Vitamin K epoxide reductase (VKOR) is an integral membrane protein that catalyzes the reduction of vitamin K 2,3-epoxide and vitamin K to vitamin K hydroquinone, a cofactor required for the gamma-glutamyl carboxylation reaction. VKOR is highly sensitive to inhibition by warfarin, the most commonly prescribed oral anticoagulant. Warfarin inhibition of VKOR decreases the concentration of reduced vitamin K, which reduces the rate of vitamin K-dependent carboxylation and leads to under-carboxylated, inactive vitamin K-dependent proteins. It is proposed that an active site disulfide needs to be reduced for the enzyme to be active.
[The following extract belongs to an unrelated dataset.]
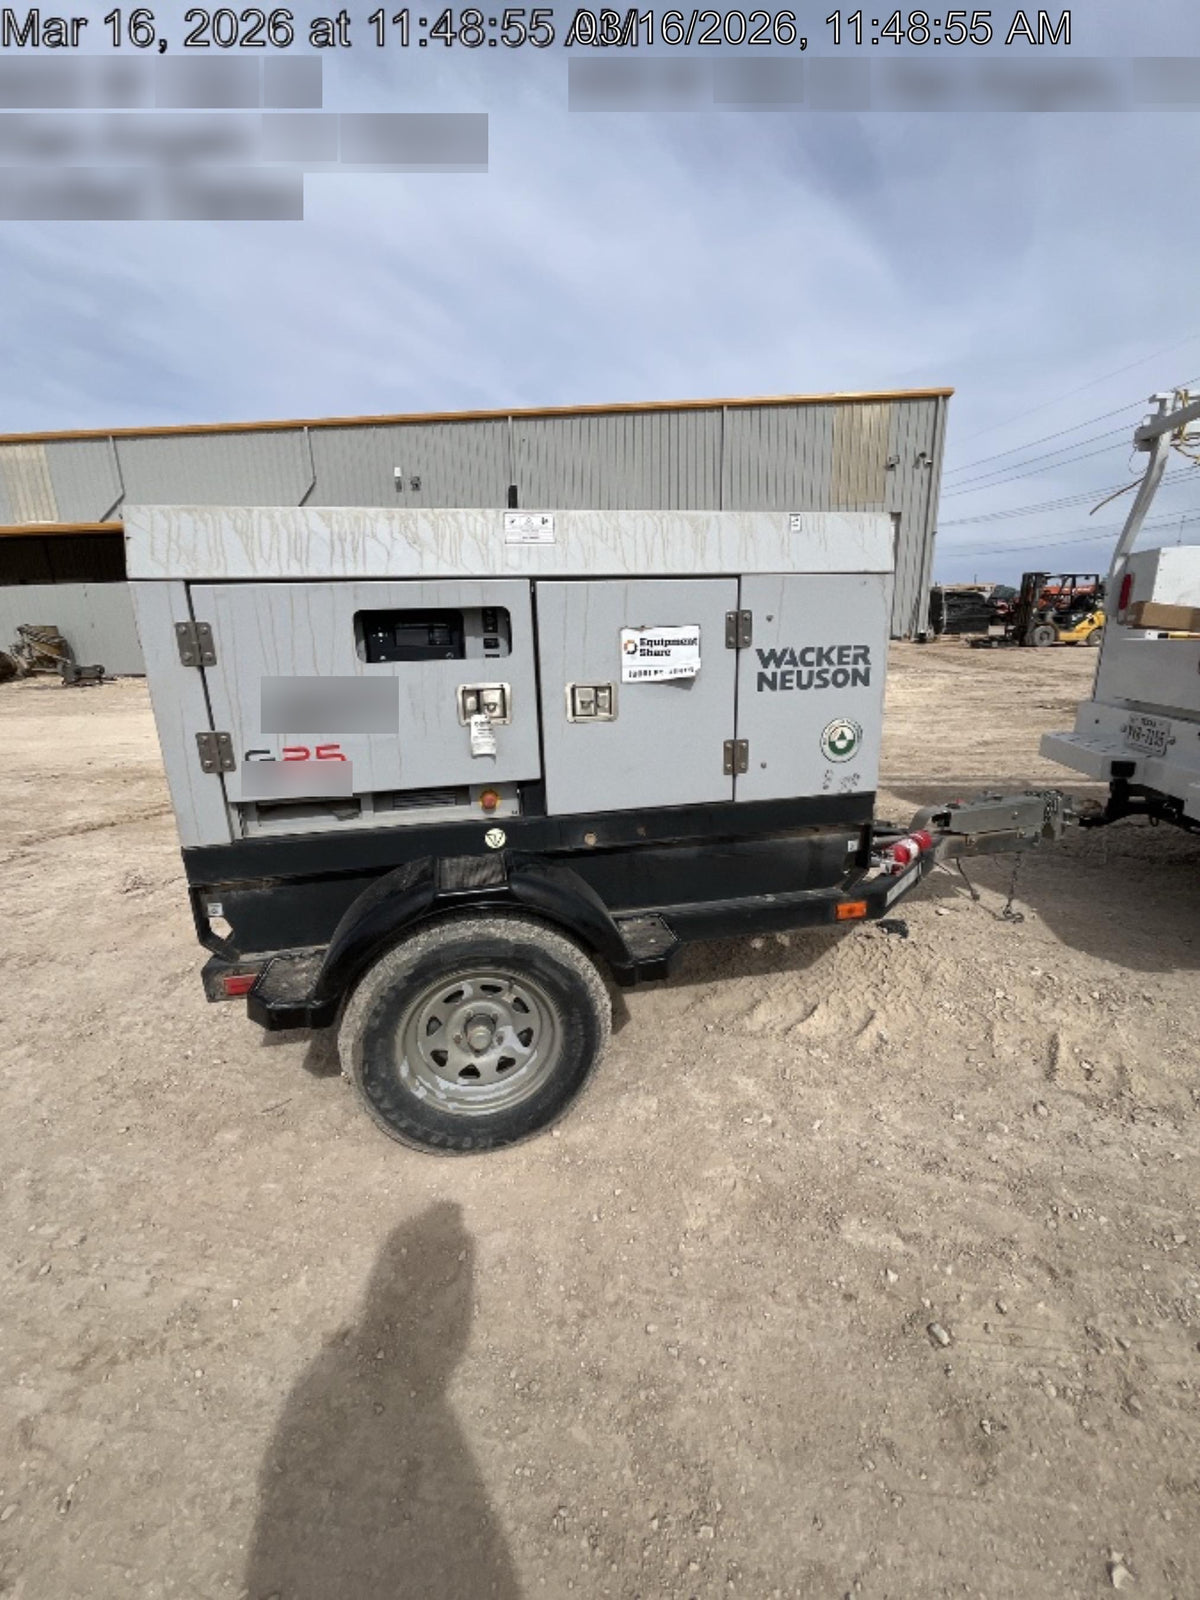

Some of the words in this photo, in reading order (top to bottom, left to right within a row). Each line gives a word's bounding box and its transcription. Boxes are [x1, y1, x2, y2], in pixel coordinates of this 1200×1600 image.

[639, 648, 671, 657] Share
[755, 645, 872, 669] WACKER
[756, 666, 871, 692] NEUSON
VKOR uses two sulfhydryl groups for the catalytic reaction and these two sulfhydryl groups are oxidized back to a disulfide bond during each catalytic cycle. The recent identification of the gene encoding VKOR allows us to study its structure and function relationship at the molecular level. The membrane topology model shows that VKOR spans the endoplasmic reticulum membrane three times with its amino-terminus residing in the lumen and the carboxyl-terminus residing in the cytoplasm. Both the active site (cysteines 132 and 135) and the proposed warfarin binding site (tyrosine 139) reside in the third transmembrane helix. VKOR is made at high levels in insect cells and is relatively easily purified. This should allow the determination of its three-dimensional structure. A detailed mechanism has been published and the purified enzyme should allow the testing of this mechanism. A major unanswered question is the physiological reductant of VKOR.